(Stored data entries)
[Start of Attachment]

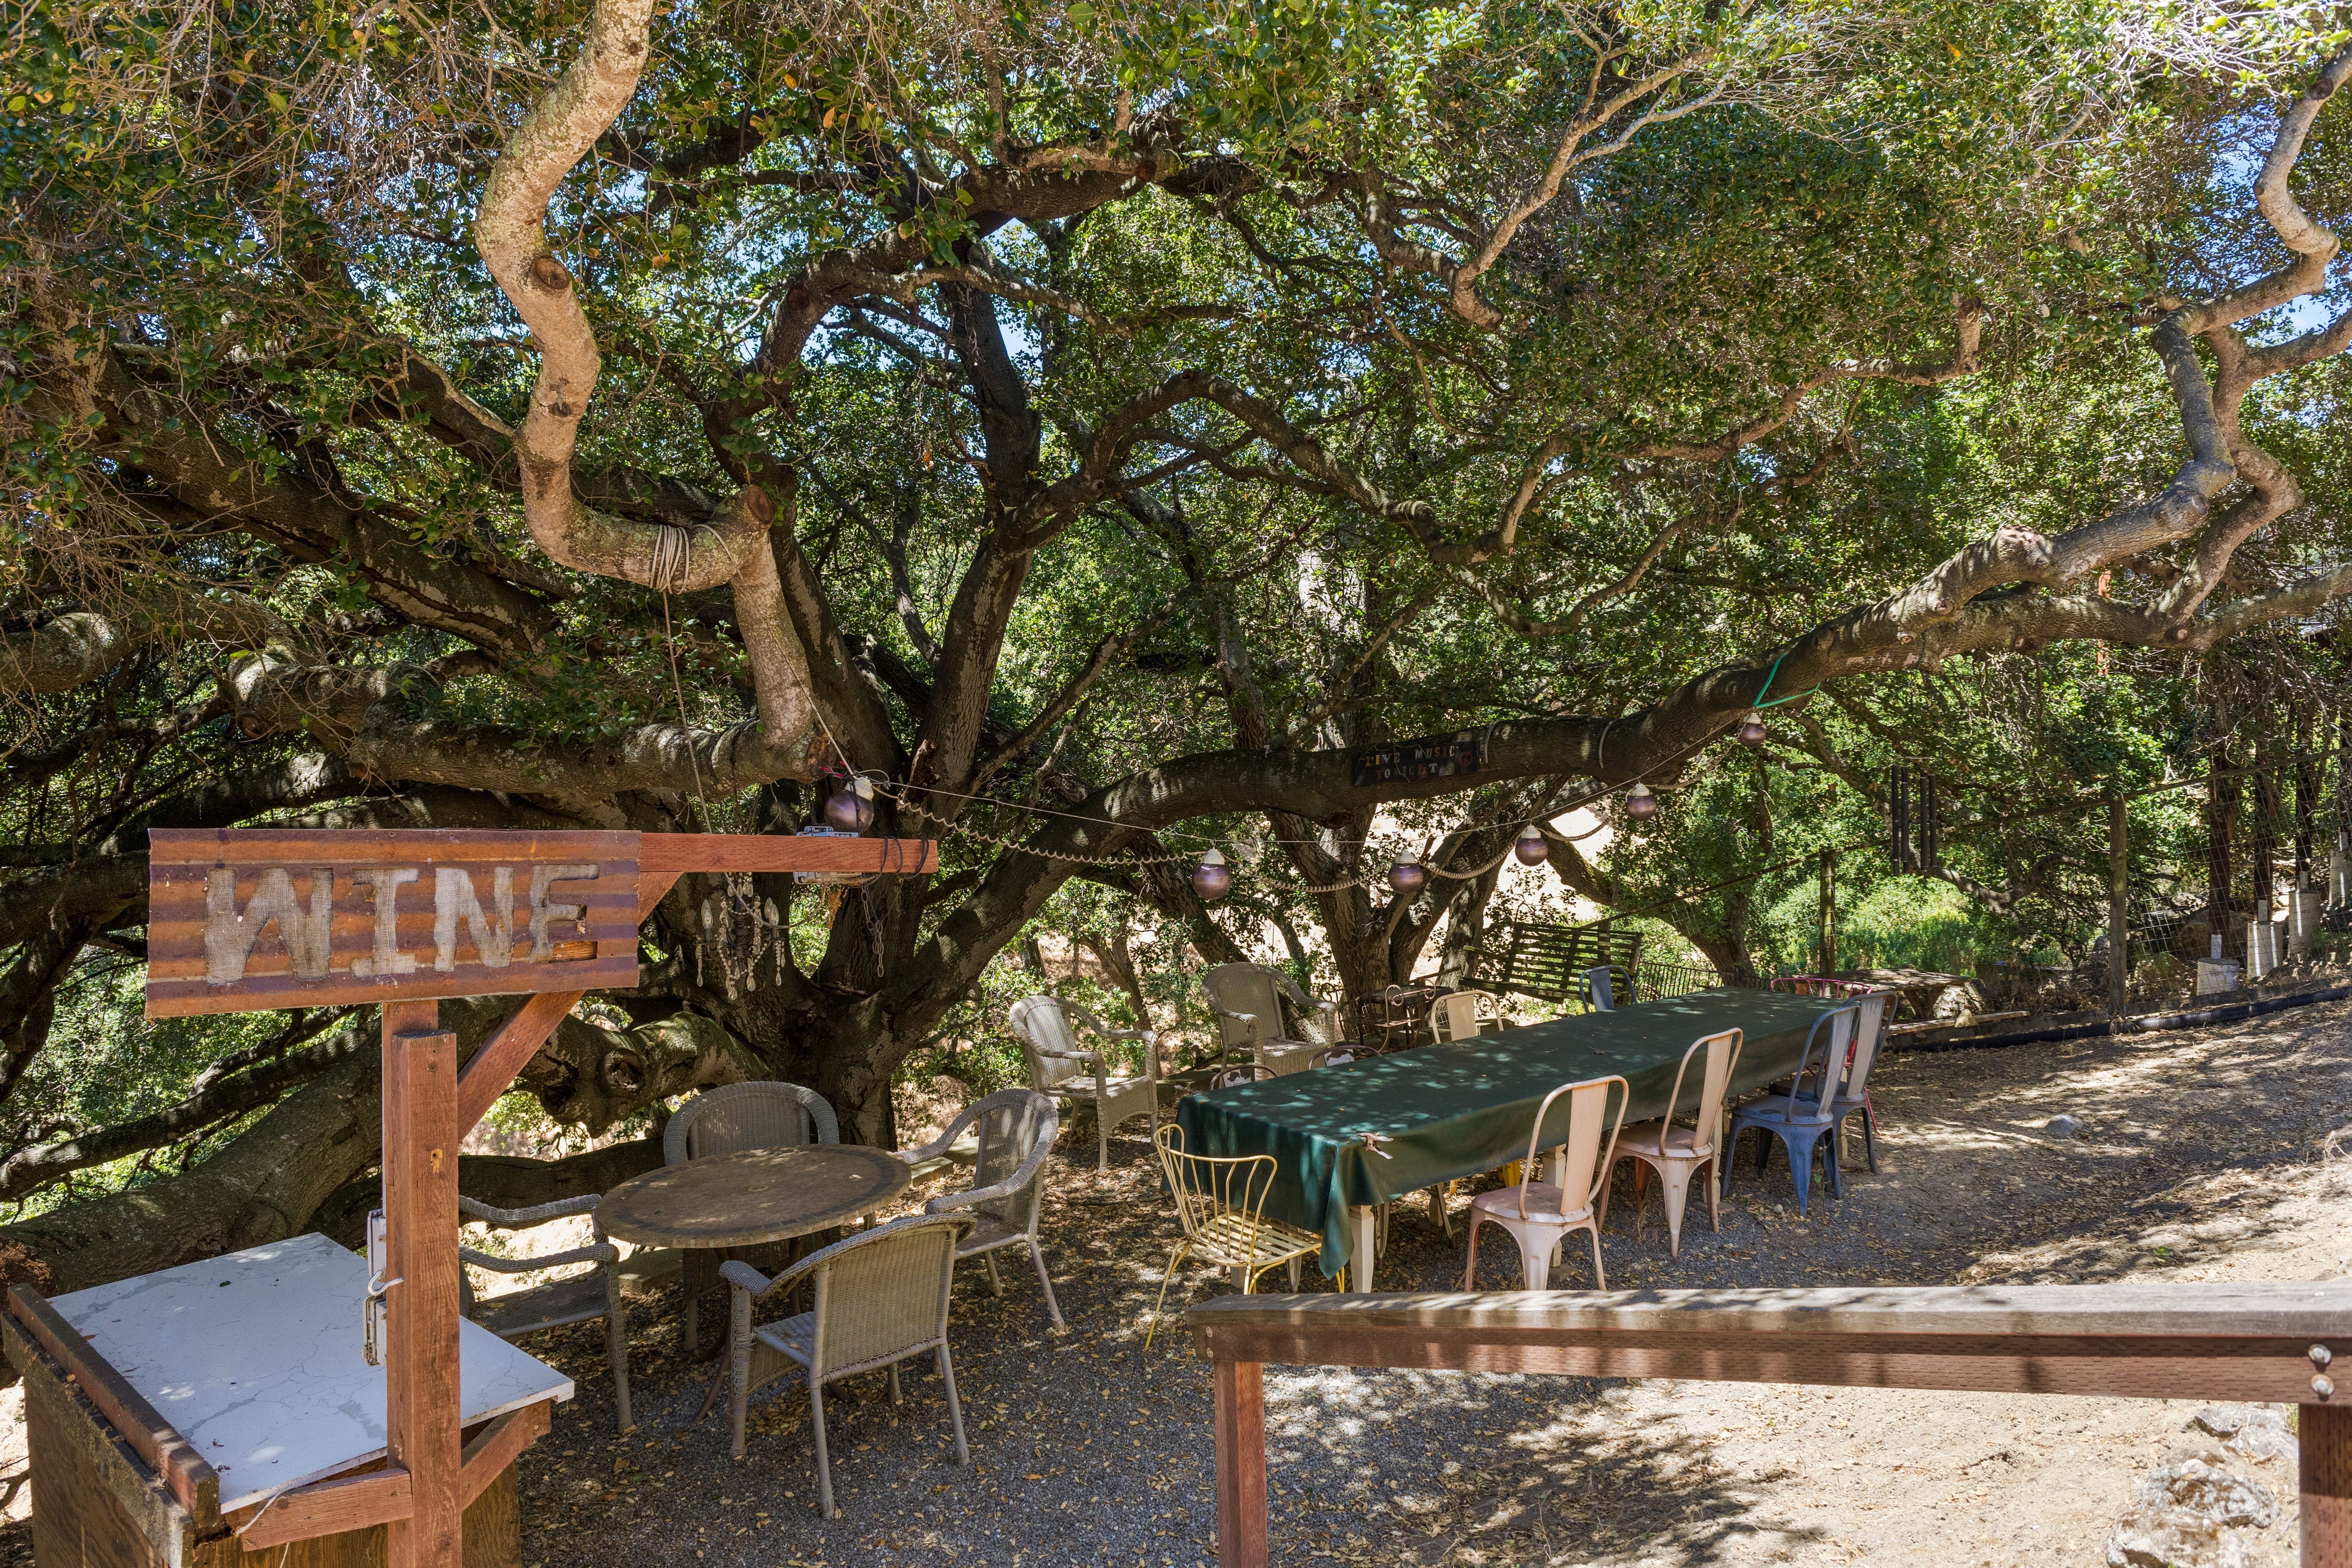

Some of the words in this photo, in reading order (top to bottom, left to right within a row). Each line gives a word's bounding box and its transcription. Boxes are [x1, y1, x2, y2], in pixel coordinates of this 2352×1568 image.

[1365, 753, 1400, 766] LIVE
[1415, 746, 1455, 759] MUSIC
[205, 864, 598, 984] WINE
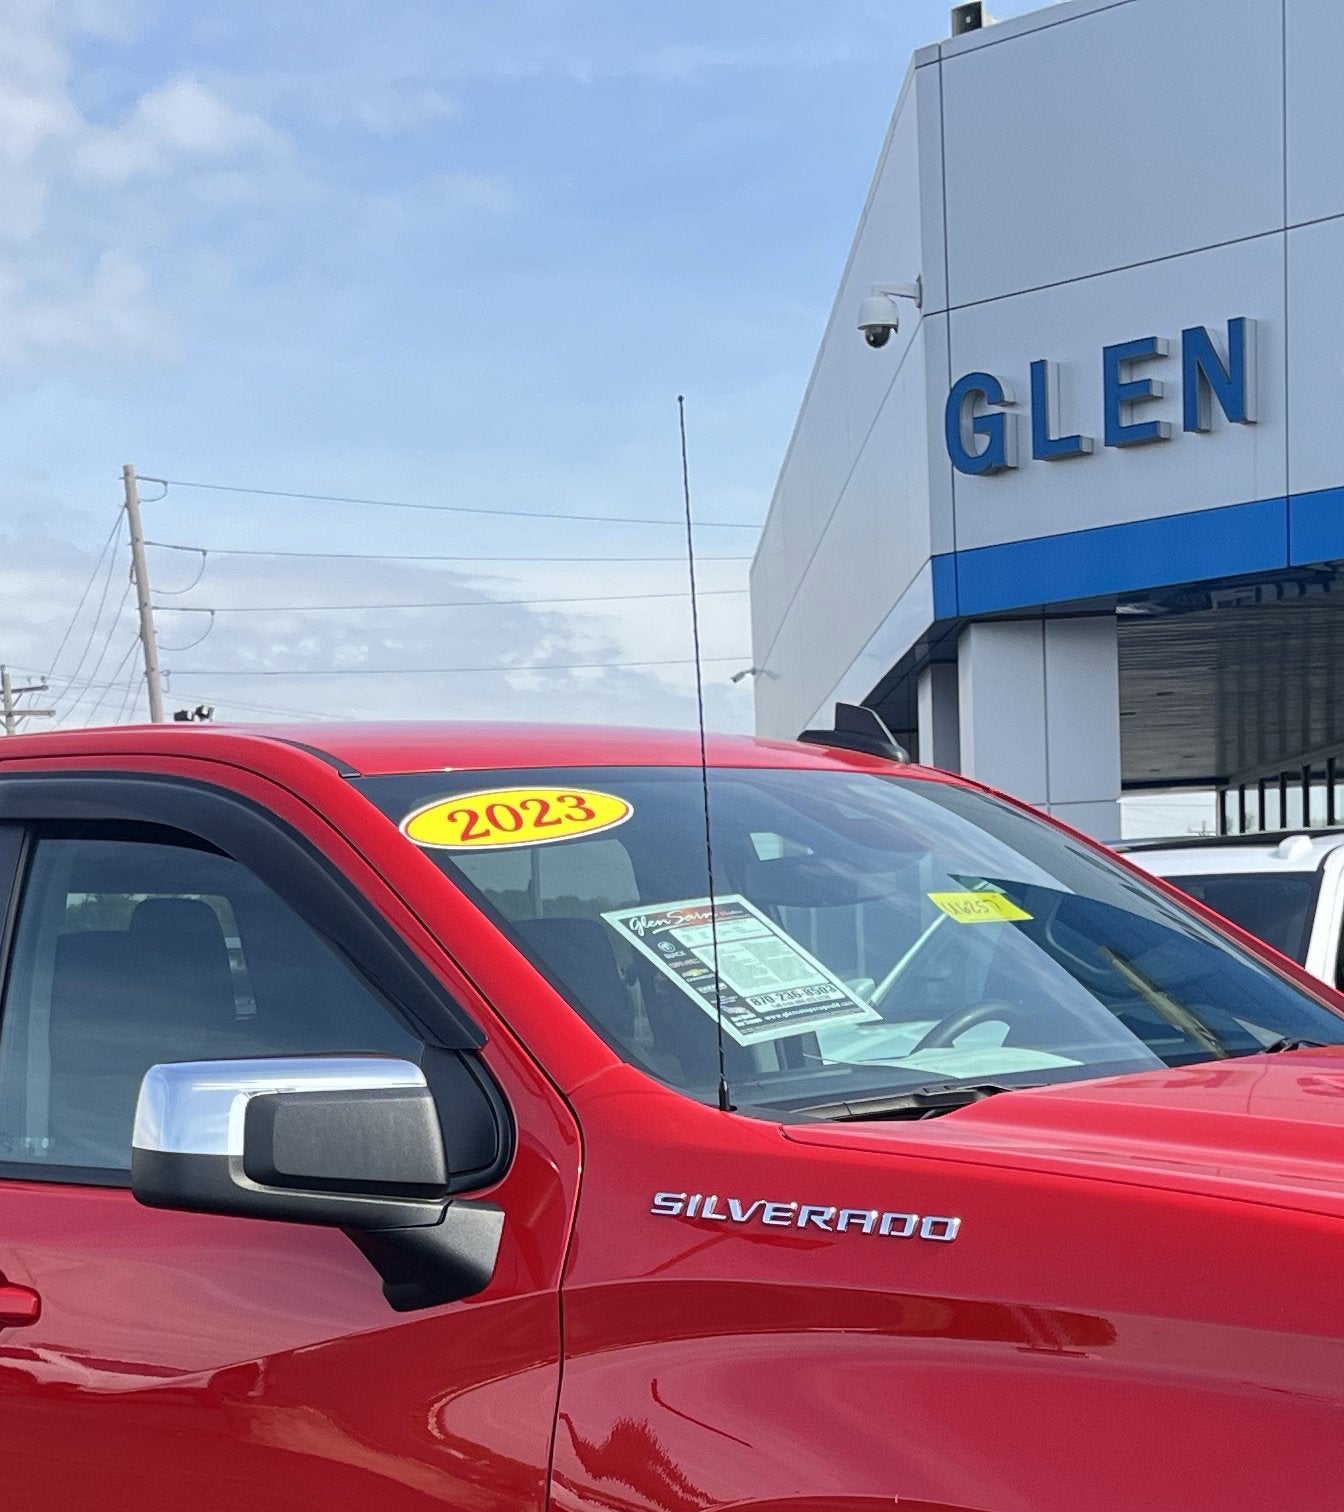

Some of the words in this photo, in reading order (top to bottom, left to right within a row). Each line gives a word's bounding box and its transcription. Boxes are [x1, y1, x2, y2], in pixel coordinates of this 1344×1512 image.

[946, 317, 1258, 476] GLEN
[447, 795, 596, 842] 2023
[650, 1191, 961, 1242] SILVERADO
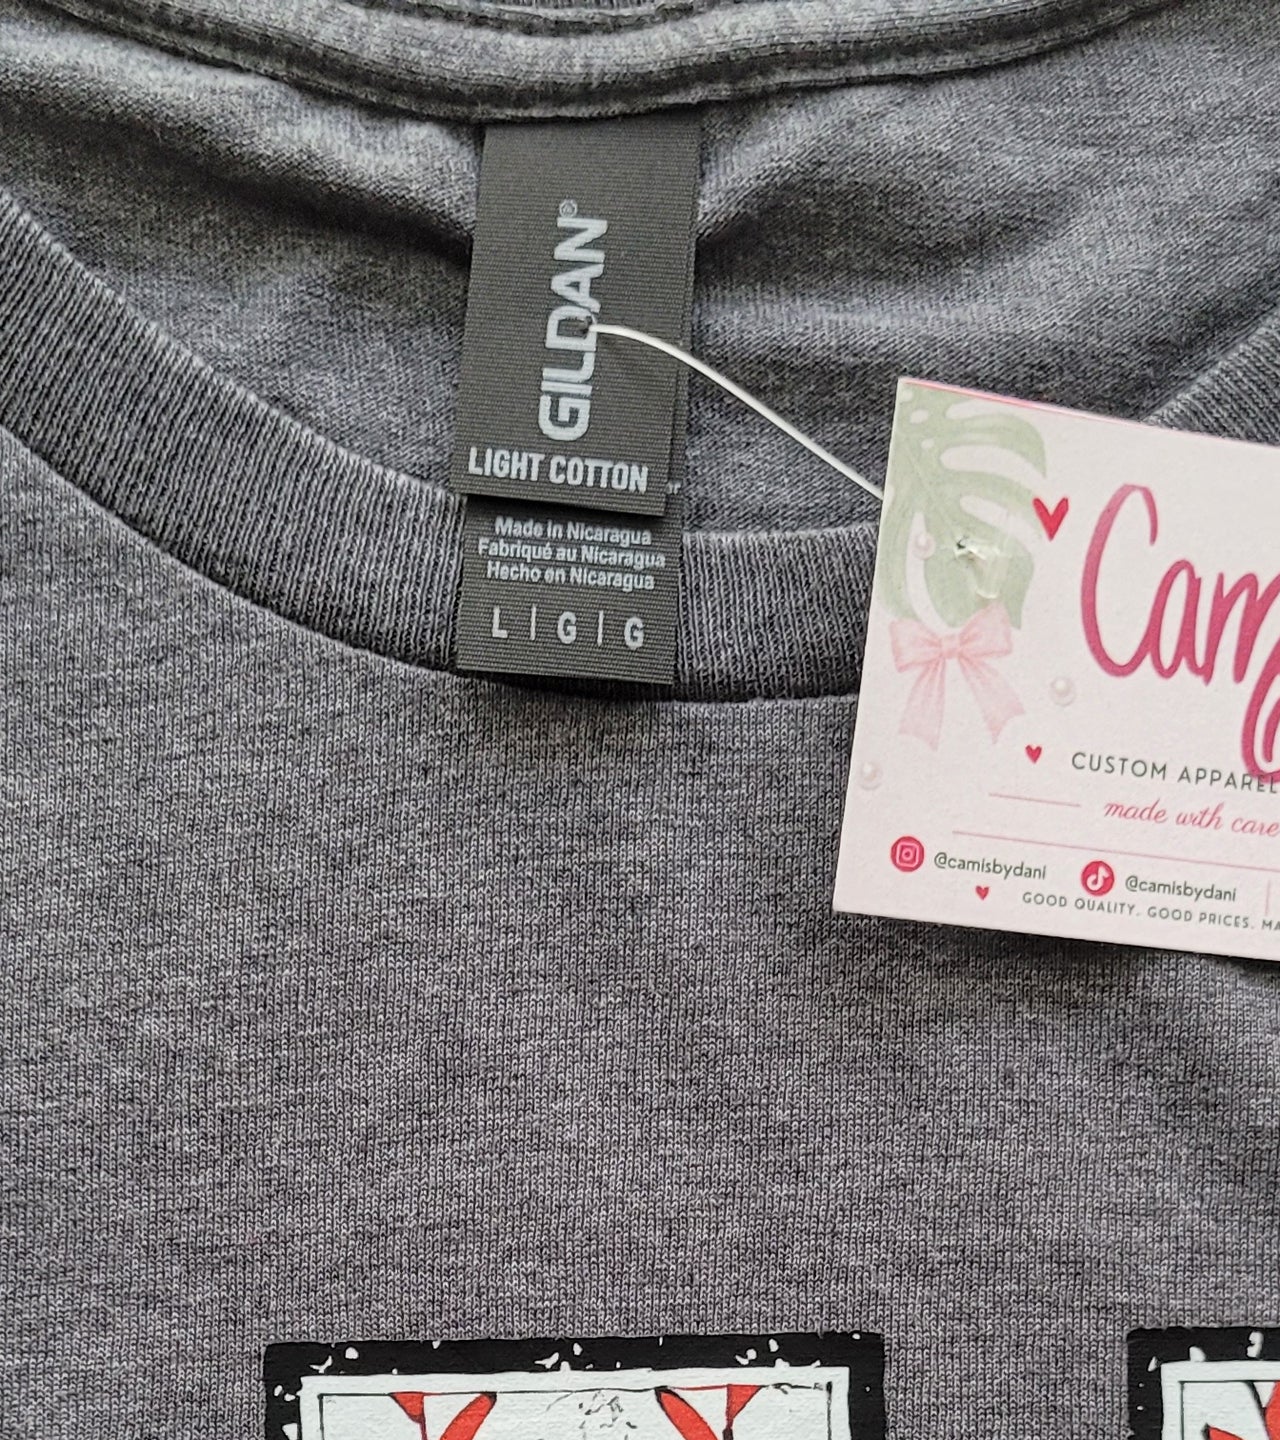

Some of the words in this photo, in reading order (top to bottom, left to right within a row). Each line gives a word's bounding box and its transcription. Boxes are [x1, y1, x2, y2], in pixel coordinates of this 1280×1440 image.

[468, 446, 545, 481] LIGHT
[549, 456, 648, 494] COTTON
[494, 515, 543, 538] Made
[547, 520, 562, 538] in
[567, 521, 652, 547] Nicaragua
[478, 537, 552, 563] Fabriqué
[556, 547, 577, 561] au
[581, 546, 666, 570] Nicaragua
[487, 560, 541, 583] Hecho
[544, 566, 566, 584] en
[570, 567, 655, 592] Nicaragua
[491, 606, 508, 639] L
[558, 611, 578, 644] G
[624, 617, 645, 650] G
[1071, 751, 1168, 782] CUSTOM
[1177, 766, 1278, 794] APPAREL
[1104, 799, 1170, 824] made
[1174, 801, 1225, 831] with
[933, 851, 1047, 882] @camisbydani
[1125, 875, 1237, 904] @camisbydani
[1022, 890, 1068, 909] GOOD
[1073, 898, 1141, 918] QUALITY.
[1147, 905, 1194, 923] GOOD
[1198, 912, 1255, 930] PRICES.

[End of Attachment]

§ **PROBLEM TO SOLVE**: Above are the entries; write them out again exactly, omitting the pictures.

§ **SOLUTION TO THE PROBLEM**:
Some of the words in this photo, in reading order (top to bottom, left to right within a row). Each line gives a word's bounding box and its transcription. Boxes are [x1, y1, x2, y2], in pixel coordinates of this 2352×1568 image.

[1365, 753, 1400, 766] LIVE
[1415, 746, 1455, 759] MUSIC
[205, 864, 598, 984] WINE

Some of the words in this photo, in reading order (top to bottom, left to right within a row). Each line gives a word's bounding box and its transcription. Boxes are [x1, y1, x2, y2], in pixel coordinates of this 1344×1512 image.

[946, 317, 1258, 476] GLEN
[447, 795, 596, 842] 2023
[650, 1191, 961, 1242] SILVERADO

Some of the words in this photo, in reading order (top to bottom, left to right within a row). Each line gives a word's bounding box and its transcription. Boxes are [x1, y1, x2, y2], in pixel coordinates of this 1280×1440 image.

[468, 446, 545, 481] LIGHT
[549, 456, 648, 494] COTTON
[494, 515, 543, 538] Made
[547, 520, 562, 538] in
[567, 521, 652, 547] Nicaragua
[478, 537, 552, 563] Fabriqué
[556, 547, 577, 561] au
[581, 546, 666, 570] Nicaragua
[487, 560, 541, 583] Hecho
[544, 566, 566, 584] en
[570, 567, 655, 592] Nicaragua
[491, 606, 508, 639] L
[558, 611, 578, 644] G
[624, 617, 645, 650] G
[1071, 751, 1168, 782] CUSTOM
[1177, 766, 1278, 794] APPAREL
[1104, 799, 1170, 824] made
[1174, 801, 1225, 831] with
[933, 851, 1047, 882] @camisbydani
[1125, 875, 1237, 904] @camisbydani
[1022, 890, 1068, 909] GOOD
[1073, 898, 1141, 918] QUALITY.
[1147, 905, 1194, 923] GOOD
[1198, 912, 1255, 930] PRICES.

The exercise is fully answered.